The 100 largest urgent care operators in the United States run approximately 25% of the locations under their banners

| Company brand | # of clinics |
|---|---|
| CVS MinuteClinic | 837 |
| Concentra | 521 |
| Healthcare Clinic at Walgreens | 413 |
| American Family Care (AFC Urgent Care) | 238 |
| The Little Clinic | 220 |
| MedExpress | 213 |
| GoHealth Urgent Care | 150+ |
| CareNow Urgent Care | 150 |
| NextCare Urgent Care | 143 |
| CityMD Urgent Care | 137 |
| FastMed Urgent Care | 104 |
| CareSpot Urgent Care / MedPost Urgent Care | 99 |
| Advocate Health Care Clinics | 86 |
| Patient First | 76 |
| Doctors Care | 58 |
| CRH Healthcare (Urgent Medcare, Patients First, Peachtree Immediate Care) | 57 |
| Aurora Health Care Clinics | 47 |
| Physicians Immediate Care | 46 |
| Target Clinic | 31 |

==Opposition==
The existence of walk-in clinics has met some controversy and opposition.
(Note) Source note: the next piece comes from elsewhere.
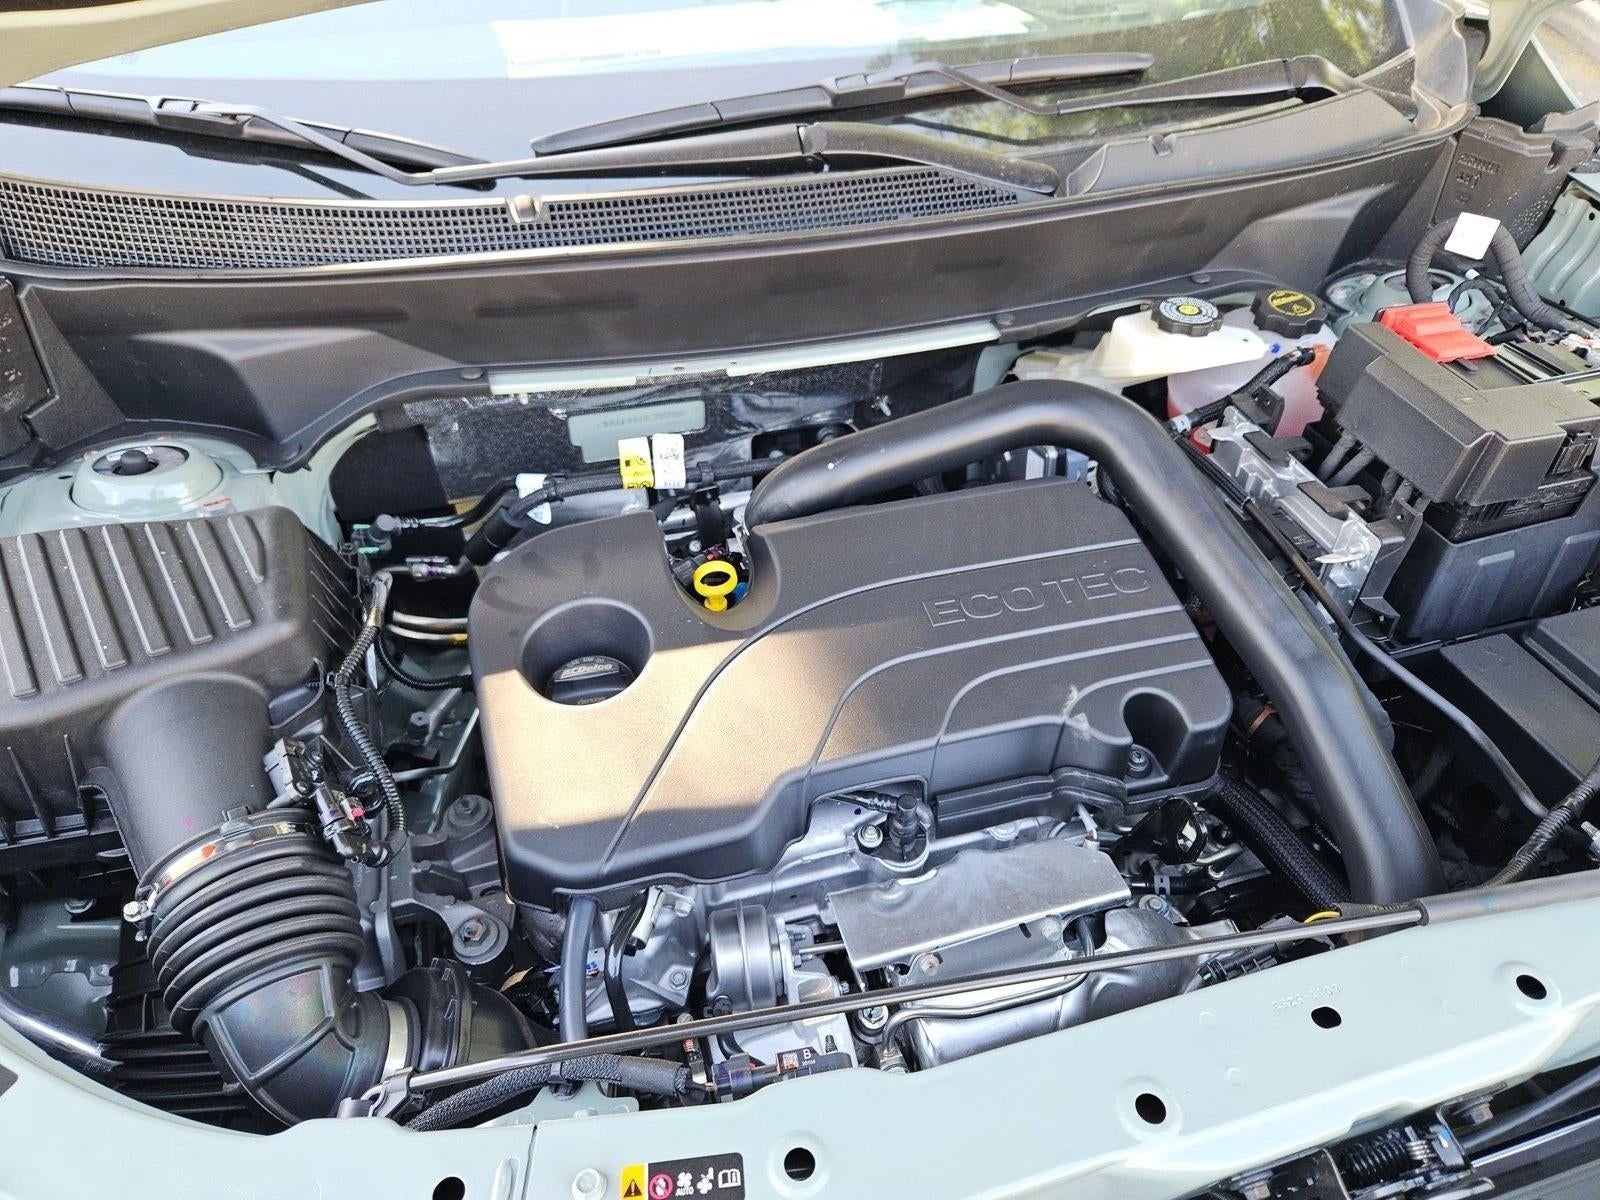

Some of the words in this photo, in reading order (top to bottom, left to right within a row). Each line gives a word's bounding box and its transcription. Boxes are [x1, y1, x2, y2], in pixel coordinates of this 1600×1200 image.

[922, 567, 1151, 628] ECOTEC
[560, 664, 613, 679] ACDelco
[802, 1048, 812, 1060] B
[675, 1186, 695, 1197] AUTO
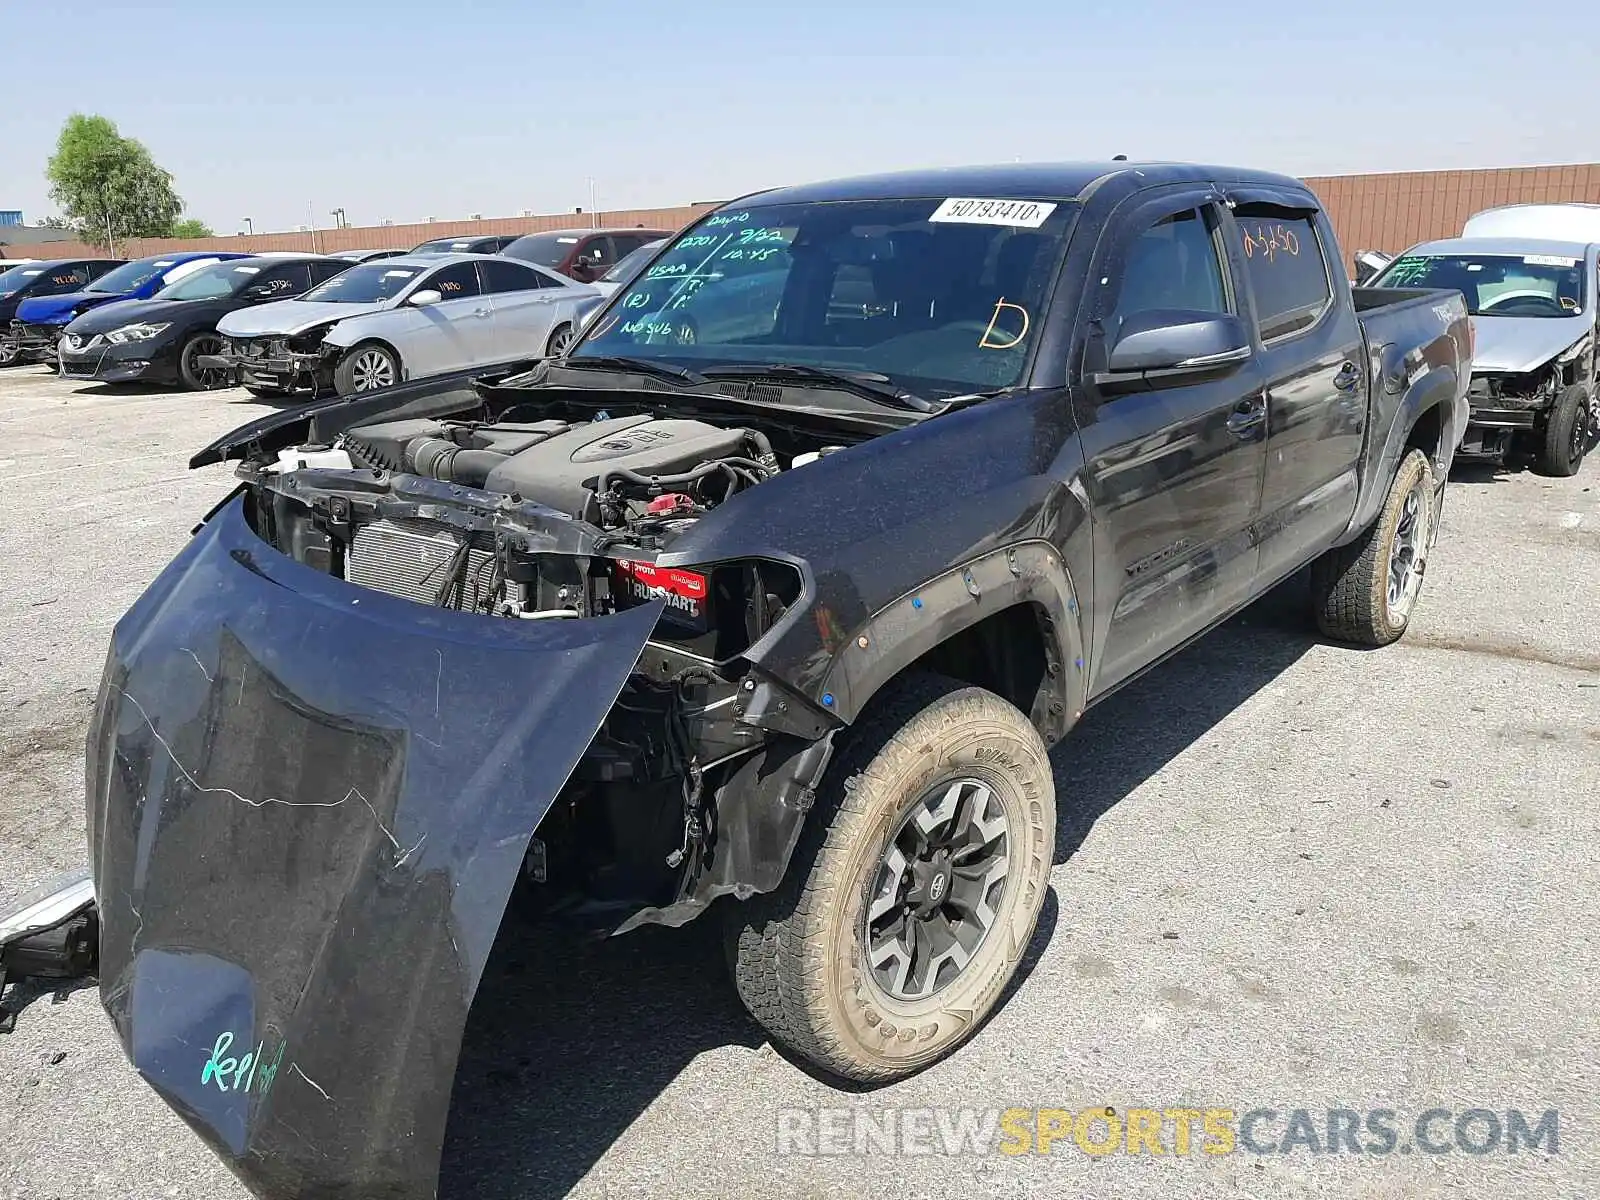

Doctors acknowledge that retail-based clinics are convenient. Primary care doctors say they are trying to build a relationship with their patients, meet them regularly, and follow up on problems. These clinics interfere with that relationship and can potentially fragment health care. There is also the concern that the urgent care clinics fail to provide the primary care providers documents about the visit for the minor emergency. This can further fragment a patient's care. Claire McCarthy, pediatrician, addressed the lack of shared medical records, "Sometimes a minor thing isn't so minor." The American Academy of Pediatrics has recommended that parents do not use retail-based clinics for primary care for their children.